This direct-to-patient reporting pathway holds immense promise for pharmacovigilance going forward. The COVAD study group has already used this dataset to interrogate multiple longstanding questions in the vaccine benefit-risk remit for patients with IMIDs [23]. It is unique in amplifying the patient voice that is currently missing from pharmacovigilance; by enhancing the granularity of this data, as we intend, this patient survey offers intelligence that could not be procured through routine surveillance alone.
Limitations
We acknowledge the following limitations in this protocol. First, the COVID-19 vaccine landscape has changed considerably because the COVAD-1 data were collected. At the time of writing, vaccine uptake in certain immunosuppressed categories has since exceeded 10 doses, for example [24]. In comparison, 2 doses are the maximum within this COVAD-1 dataset. This discrepancy could call the relevance of our findings into question; however, their prospective value for enhancing pharmacovigilance and pandemic preparedness efforts counters this assertion.

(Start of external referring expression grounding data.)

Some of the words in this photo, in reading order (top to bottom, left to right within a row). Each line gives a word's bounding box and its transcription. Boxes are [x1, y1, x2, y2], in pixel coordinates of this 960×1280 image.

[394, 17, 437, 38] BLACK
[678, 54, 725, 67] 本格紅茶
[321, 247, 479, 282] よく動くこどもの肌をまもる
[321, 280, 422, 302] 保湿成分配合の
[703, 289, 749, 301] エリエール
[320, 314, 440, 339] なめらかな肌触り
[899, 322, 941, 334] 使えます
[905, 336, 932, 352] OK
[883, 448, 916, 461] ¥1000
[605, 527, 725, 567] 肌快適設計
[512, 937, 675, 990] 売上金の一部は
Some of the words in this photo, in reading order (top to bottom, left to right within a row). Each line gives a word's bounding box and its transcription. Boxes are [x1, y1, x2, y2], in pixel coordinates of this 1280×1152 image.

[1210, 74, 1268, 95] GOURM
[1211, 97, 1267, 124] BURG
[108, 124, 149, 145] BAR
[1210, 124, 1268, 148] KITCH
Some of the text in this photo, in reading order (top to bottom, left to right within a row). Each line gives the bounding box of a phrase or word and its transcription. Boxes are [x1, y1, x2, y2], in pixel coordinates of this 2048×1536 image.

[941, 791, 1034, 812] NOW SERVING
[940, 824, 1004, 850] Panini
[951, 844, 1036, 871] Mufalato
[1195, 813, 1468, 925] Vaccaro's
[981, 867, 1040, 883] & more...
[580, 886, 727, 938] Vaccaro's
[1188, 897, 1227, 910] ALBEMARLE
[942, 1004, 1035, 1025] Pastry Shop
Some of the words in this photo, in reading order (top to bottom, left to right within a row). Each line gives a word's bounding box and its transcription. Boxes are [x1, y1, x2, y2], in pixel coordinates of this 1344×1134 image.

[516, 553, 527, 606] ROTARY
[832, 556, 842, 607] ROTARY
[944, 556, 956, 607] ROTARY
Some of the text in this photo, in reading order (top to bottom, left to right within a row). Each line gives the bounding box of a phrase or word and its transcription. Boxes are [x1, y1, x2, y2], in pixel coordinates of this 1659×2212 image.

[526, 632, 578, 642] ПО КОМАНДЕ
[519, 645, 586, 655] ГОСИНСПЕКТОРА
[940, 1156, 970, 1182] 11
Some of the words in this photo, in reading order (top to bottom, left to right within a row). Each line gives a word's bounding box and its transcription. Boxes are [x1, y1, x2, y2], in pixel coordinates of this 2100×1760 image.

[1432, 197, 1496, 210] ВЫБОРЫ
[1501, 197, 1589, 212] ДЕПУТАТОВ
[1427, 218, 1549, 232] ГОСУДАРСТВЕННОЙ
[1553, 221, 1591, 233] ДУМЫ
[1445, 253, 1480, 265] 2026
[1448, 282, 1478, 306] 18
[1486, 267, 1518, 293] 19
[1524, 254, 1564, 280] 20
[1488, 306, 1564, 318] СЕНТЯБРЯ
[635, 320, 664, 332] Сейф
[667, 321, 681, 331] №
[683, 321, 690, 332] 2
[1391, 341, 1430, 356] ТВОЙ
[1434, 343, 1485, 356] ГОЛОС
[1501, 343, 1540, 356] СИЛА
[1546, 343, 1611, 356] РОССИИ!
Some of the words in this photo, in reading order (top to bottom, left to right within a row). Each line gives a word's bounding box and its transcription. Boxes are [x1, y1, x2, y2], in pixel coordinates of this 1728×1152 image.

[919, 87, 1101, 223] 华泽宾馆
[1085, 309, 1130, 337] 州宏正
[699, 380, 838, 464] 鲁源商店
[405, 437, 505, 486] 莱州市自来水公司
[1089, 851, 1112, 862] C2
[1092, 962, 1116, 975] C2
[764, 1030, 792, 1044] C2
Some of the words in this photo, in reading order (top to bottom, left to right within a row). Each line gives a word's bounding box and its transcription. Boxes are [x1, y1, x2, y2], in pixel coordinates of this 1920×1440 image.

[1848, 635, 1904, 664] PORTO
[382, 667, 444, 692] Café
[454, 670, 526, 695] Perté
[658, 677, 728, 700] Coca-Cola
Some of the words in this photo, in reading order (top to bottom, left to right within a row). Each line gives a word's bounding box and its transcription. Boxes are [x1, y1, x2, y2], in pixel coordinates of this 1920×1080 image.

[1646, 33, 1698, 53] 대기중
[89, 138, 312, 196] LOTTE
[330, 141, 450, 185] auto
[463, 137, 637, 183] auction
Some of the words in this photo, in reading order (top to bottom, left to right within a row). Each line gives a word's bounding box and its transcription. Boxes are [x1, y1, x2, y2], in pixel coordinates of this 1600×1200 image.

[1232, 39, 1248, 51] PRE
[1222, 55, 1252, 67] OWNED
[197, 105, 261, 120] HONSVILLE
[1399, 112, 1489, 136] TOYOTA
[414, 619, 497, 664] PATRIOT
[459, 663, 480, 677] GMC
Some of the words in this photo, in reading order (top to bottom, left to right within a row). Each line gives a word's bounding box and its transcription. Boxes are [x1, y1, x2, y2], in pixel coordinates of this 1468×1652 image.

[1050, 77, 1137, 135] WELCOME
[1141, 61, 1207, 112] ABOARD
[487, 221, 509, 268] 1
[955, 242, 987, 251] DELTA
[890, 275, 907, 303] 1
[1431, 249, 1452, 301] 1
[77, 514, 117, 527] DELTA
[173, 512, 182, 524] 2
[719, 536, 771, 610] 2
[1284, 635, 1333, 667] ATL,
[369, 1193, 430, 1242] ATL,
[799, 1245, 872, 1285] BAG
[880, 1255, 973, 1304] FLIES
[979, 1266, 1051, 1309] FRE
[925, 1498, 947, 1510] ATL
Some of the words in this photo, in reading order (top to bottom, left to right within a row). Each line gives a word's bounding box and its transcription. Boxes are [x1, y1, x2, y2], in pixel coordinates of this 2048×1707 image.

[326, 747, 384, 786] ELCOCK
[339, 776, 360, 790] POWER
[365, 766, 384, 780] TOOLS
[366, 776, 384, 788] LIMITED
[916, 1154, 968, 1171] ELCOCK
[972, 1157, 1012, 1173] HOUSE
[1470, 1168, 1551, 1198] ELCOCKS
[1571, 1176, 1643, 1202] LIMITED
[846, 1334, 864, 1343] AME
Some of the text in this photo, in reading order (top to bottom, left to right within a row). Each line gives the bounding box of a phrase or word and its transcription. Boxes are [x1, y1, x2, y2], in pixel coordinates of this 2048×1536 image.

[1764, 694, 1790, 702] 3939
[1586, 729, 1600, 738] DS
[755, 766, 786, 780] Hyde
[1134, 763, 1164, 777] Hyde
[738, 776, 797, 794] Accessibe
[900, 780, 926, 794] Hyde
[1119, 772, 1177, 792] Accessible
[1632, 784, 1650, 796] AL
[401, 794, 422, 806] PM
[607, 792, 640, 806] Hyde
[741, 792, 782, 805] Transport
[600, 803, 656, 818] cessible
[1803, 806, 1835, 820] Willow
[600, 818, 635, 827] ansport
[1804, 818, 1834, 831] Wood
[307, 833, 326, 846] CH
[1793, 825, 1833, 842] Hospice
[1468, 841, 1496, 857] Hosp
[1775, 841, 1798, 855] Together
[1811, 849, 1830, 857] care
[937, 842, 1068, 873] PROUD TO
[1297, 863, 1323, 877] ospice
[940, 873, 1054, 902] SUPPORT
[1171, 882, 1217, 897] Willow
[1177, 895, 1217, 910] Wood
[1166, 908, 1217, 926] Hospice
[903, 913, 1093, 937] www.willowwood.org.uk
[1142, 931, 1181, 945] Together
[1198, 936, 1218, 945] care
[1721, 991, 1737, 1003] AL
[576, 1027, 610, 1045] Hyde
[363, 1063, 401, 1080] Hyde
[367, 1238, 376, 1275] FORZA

Second, these data were not collected in real time with vaccination; an accurate picture of 7-day side effects therefore relies on respondents’ recall. To prevent false recall bias, prospective data would have been preferable.
Third, despite the international nature of this work, the sample size is still relatively small—especially once incomplete surveys and the unvaccinated are excluded from the study set and the IMID population is segmented. The imbalanced allocations of IMID diagnoses between single organ and systemic IMID categories are also of concern.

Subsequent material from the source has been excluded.